What is Future of Long-Term Fiscal Policy?
As we go full throttle toward the fiscal cliff like Thelma and Louise, a December 18, 2012, New York Times article, “Goodbye Government, Under Either Fiscal Plan” explored how both the President’s and House Republican’s plans would cut critical government programs, including federally funded housing programs, without specifics about what allowances may be made.
The article states:
The frenzied partisan horse-trading has glossed over what is arguably the central issue of any debate over long-term fiscal policy: the kind of role we expect the government to play in the nation’s future. Not only have our political leaders failed to lay out a vision of what they hope the budget will achieve, they are pulling the wool over Americans’ eyes about the kind of budget we are about to get.
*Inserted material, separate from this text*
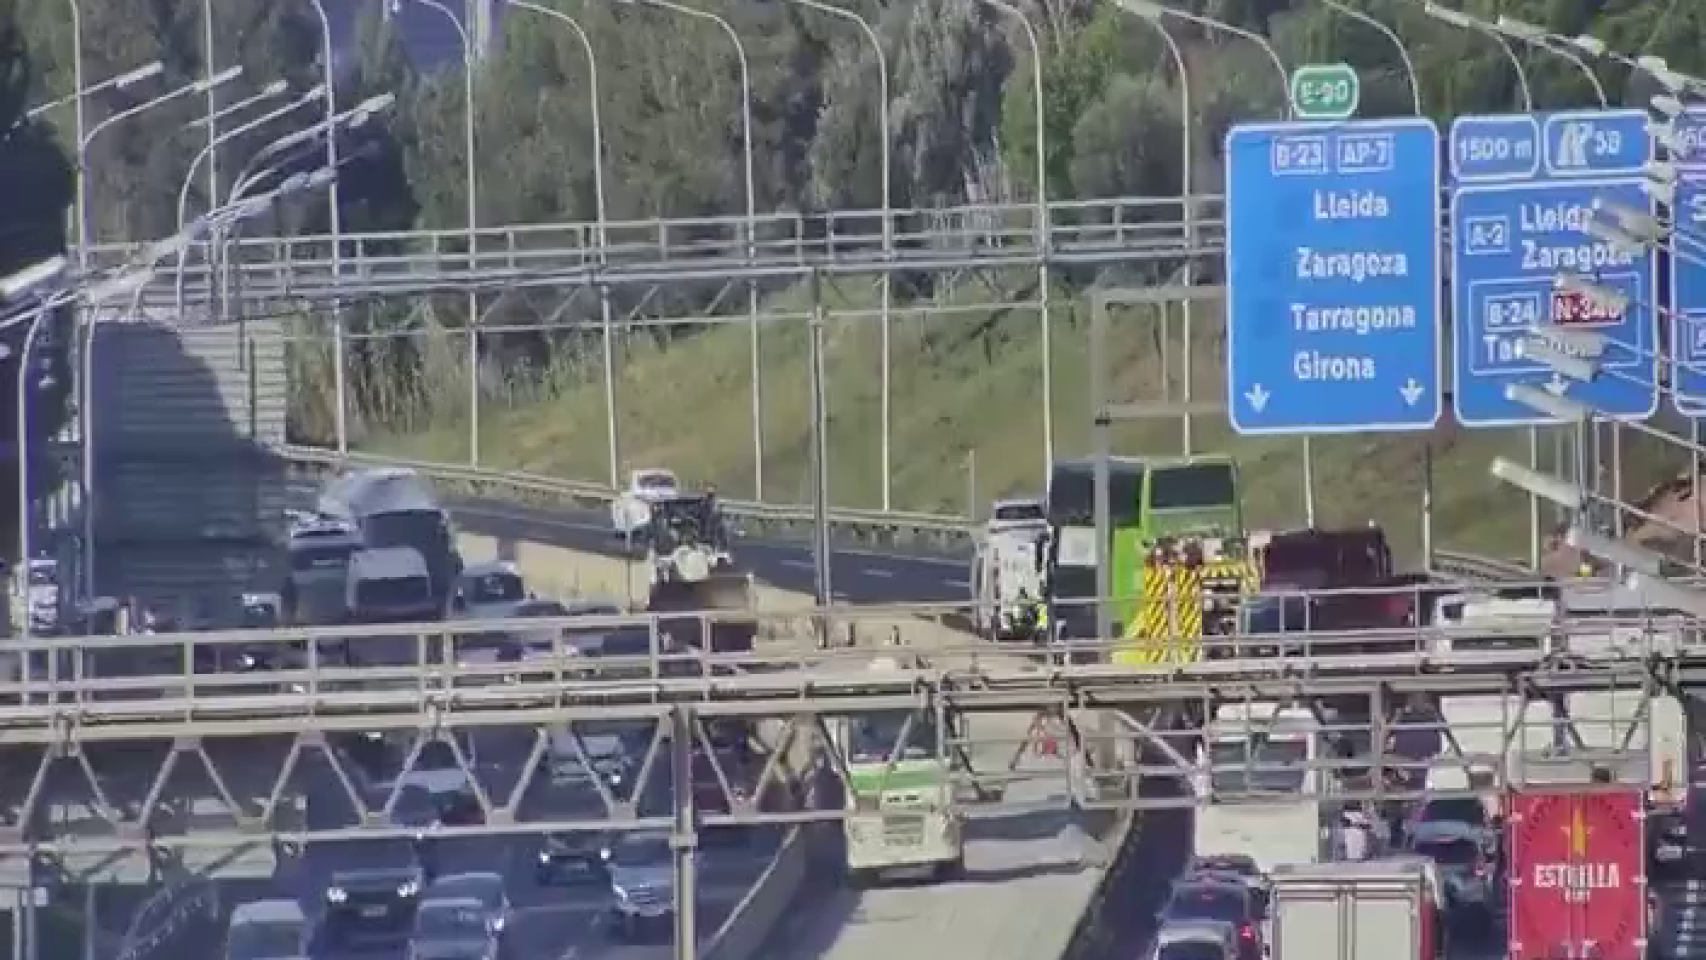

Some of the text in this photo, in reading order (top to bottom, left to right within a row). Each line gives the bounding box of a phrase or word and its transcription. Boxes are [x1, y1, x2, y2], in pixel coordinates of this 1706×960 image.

The truth is that both the president and House Republicans have agreed to shrink a critical part of the government to its smallest in at least half a century. This is regardless of which trillion-dollar proposal gains the upper hand.
Consider the president’s budget, which by law must include projections of taxing and spending over the next decade. Loath to raise taxes on the middle class yet unwilling to cut deeply into the budgets for Social Security or Medicare, the president and his advisers proposed cutting the discretionary part of the budget devoted to everything except defense and other security agencies to 1.7 percent of economic output by 2022, down from 3.1 percent last year.
And economic experts are skeptical of even the President’s plan.
“This is no way to run a $3.7 trillion enterprise,” said a Columbia University economist, Jeffrey Sachs, referring to the size of the federal government. “It is President Obama’s responsibility to put forward a plan and give us a comprehensive view of what is the strategy.”